What happens when you combine two field-proven, widely-adopted technologies from tech power houses? You get a super flexible, scalable Hadoop platform to address your big data analytic needs. And the best part is that it really doesn’t matter where you currently fall on the Hadoop adoption spectrum. Deploying a traditional Hadoop distribution? Expanding one that’s already deployed? Starting a brand new Hadoop implementation to merge with your existing IT infrastructure? VCE and Isilon have come together to make your life easier.
So how does it work? Let’s assume you understand some of the core concepts of Hadoop, like NameNodes, DataNodes, MapReduce, and Resource Management. For simplicity sake, let’s classify these components into two categories: storage and compute. In short (extremely short), Isilon takes care of the back-end storage, while VCE takes care of the compute. Check out our latest ESG Lab Report, which goes into far more detail about the architecture and functionality. We also look at things like performance, flexibility, and resiliency.
There are two important things I want to mention here. First, because the storage and compute components are separate, you can scale your components independently. Need more compute components? Just add them. Need more storage? Add another node to the Isilon cluster, rebalance, and off you go. This leads to better resource utilization by not being forced to over-provision storage just because you need more compute, or vice versa. Second, all unstructured data stored in the Isilon cluster can be analyzed in place. That means you don’t have to worry about ingest or staging.

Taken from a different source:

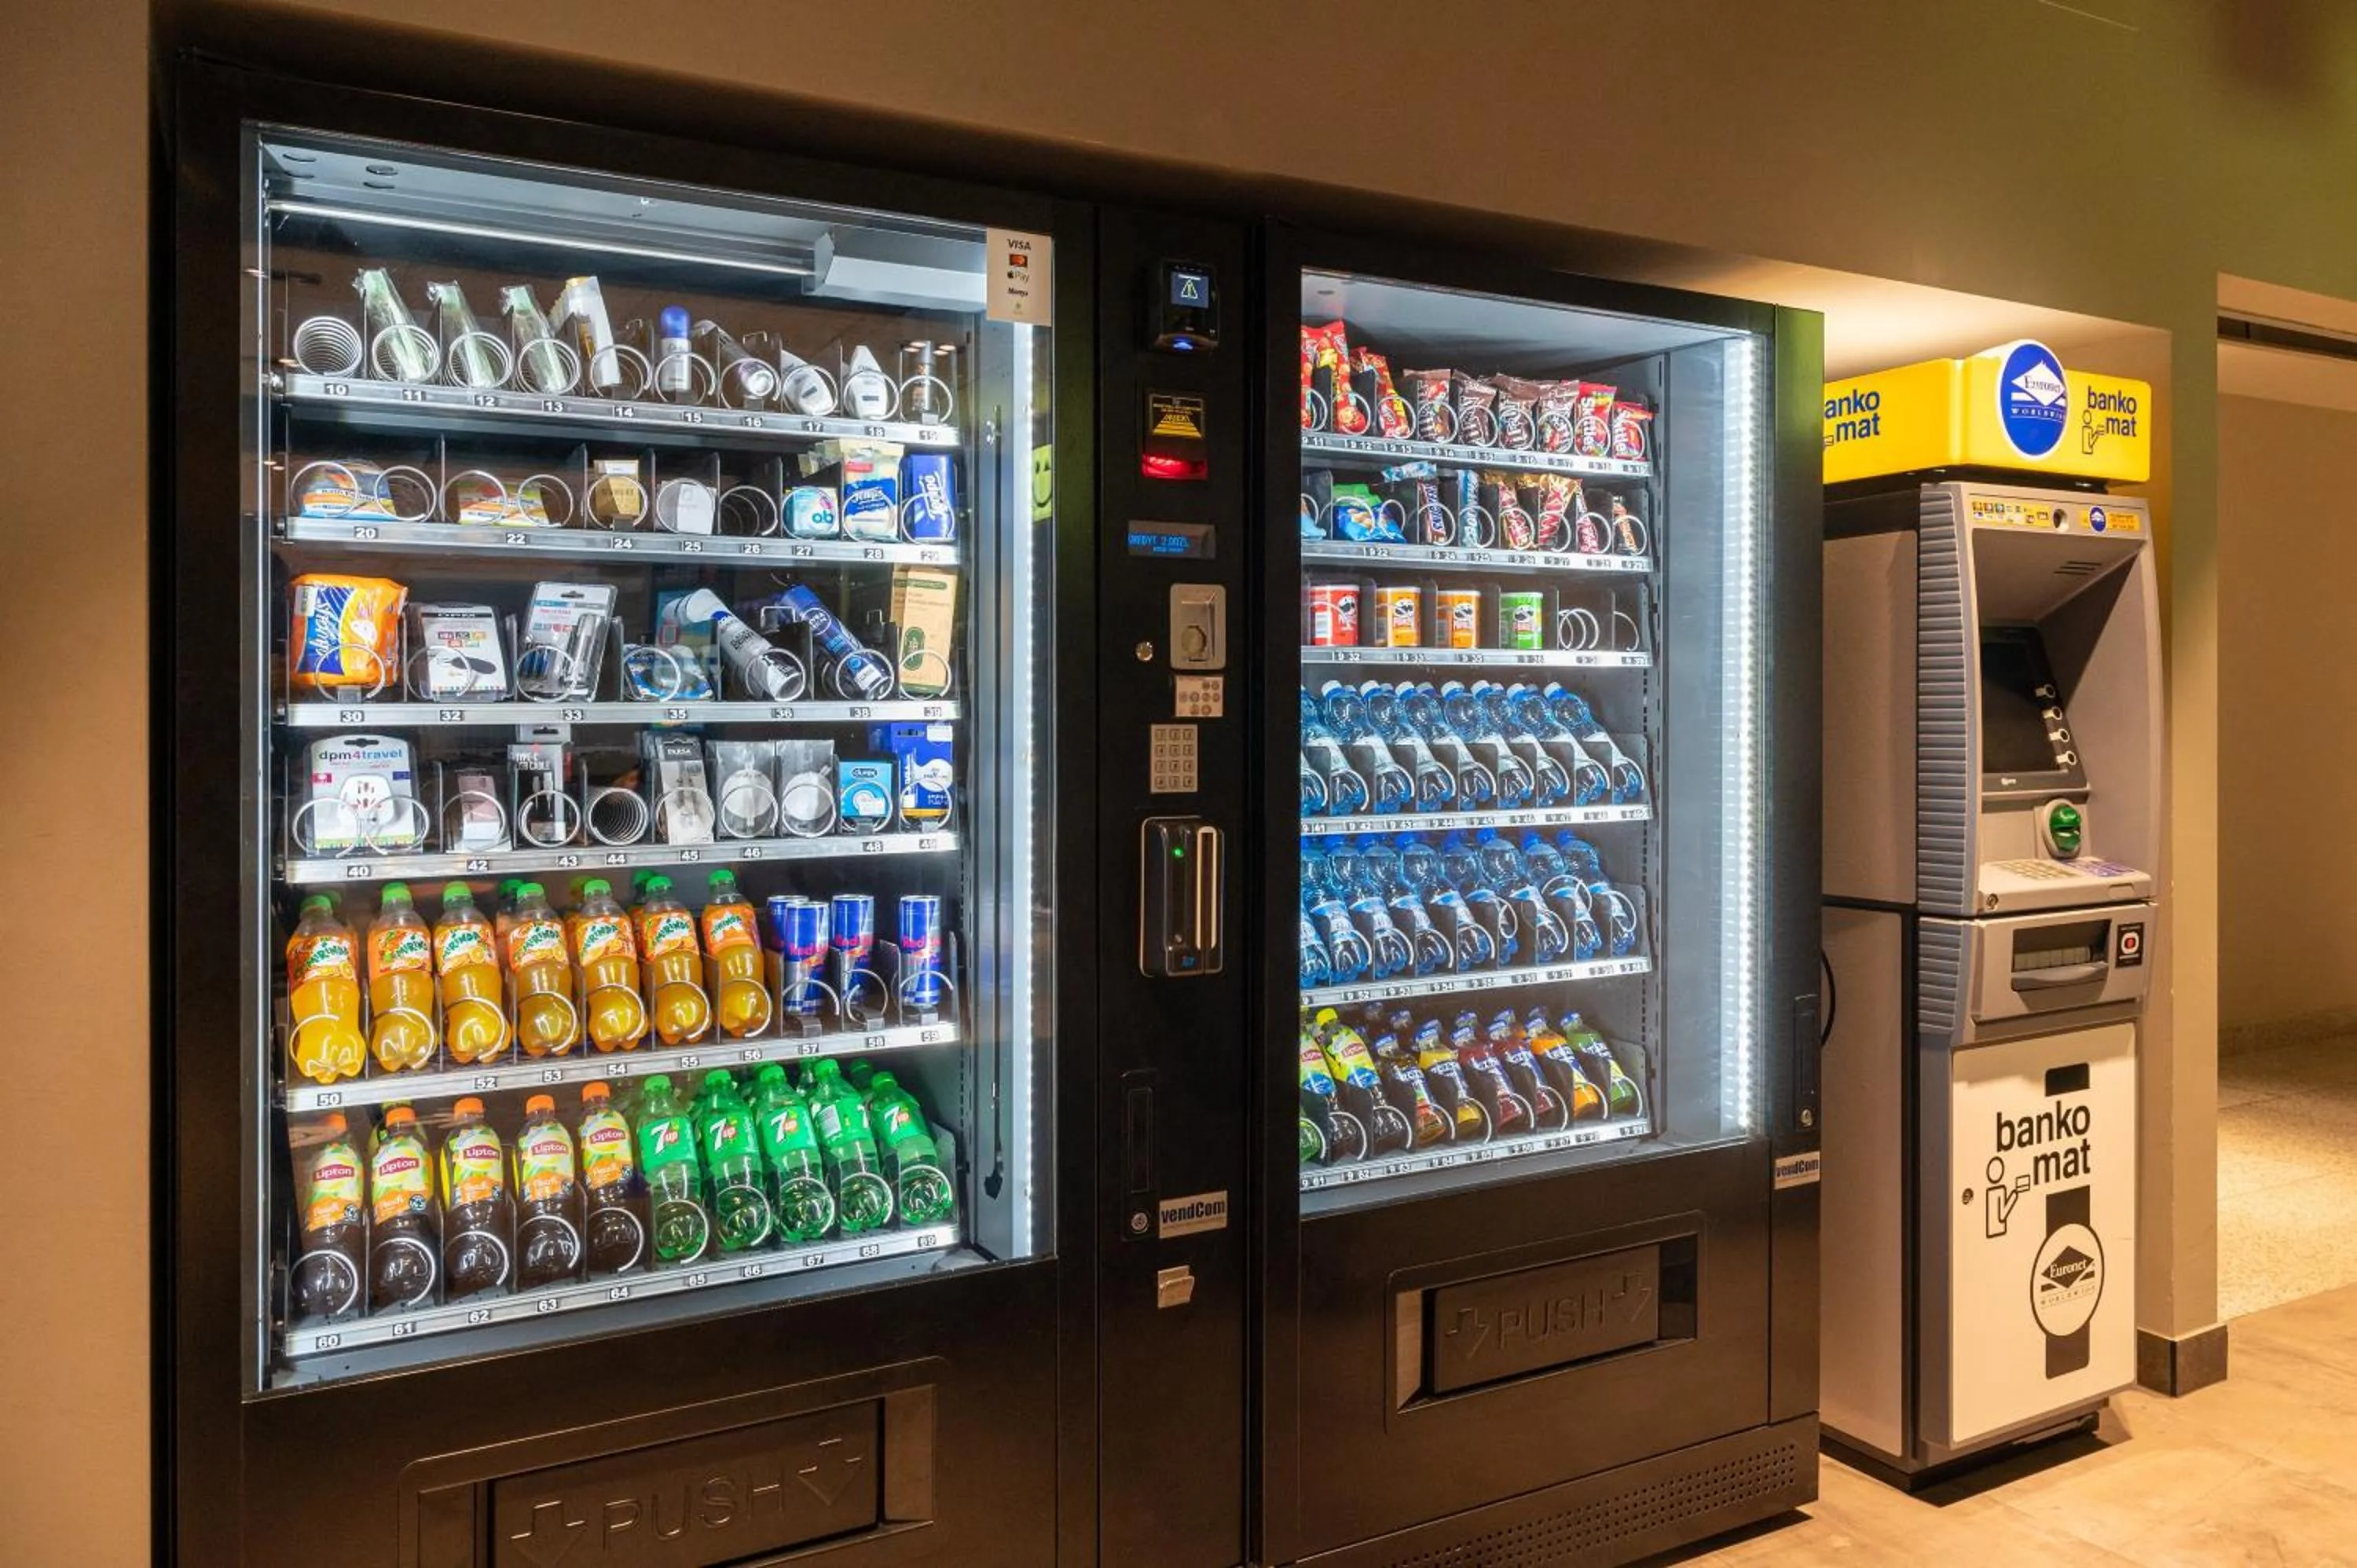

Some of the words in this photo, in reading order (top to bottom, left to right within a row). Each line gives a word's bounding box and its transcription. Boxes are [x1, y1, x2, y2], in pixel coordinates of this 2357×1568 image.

On to the last question: Where does VMware tie into all of this? After all, when you’re talking VCE, you gotta talk VMware. The VCE and Isilon joint-solution for Hadoop is already powerful, but once you factor in VMware Big Data Extensions (BDE), it’s even more impressive. BDE automates the deployment and management of the Hadoop compute clients. It lets you simply create the compute-only parts of the Hadoop cluster in new virtual machines on the Vblock, and all you have to do is provide an address to the HDFS interface on the Isilon cluster. Within minutes you have a virtual Hadoop deployment connected to all your unstructured data stored on your Isilon cluster. Time to analyze!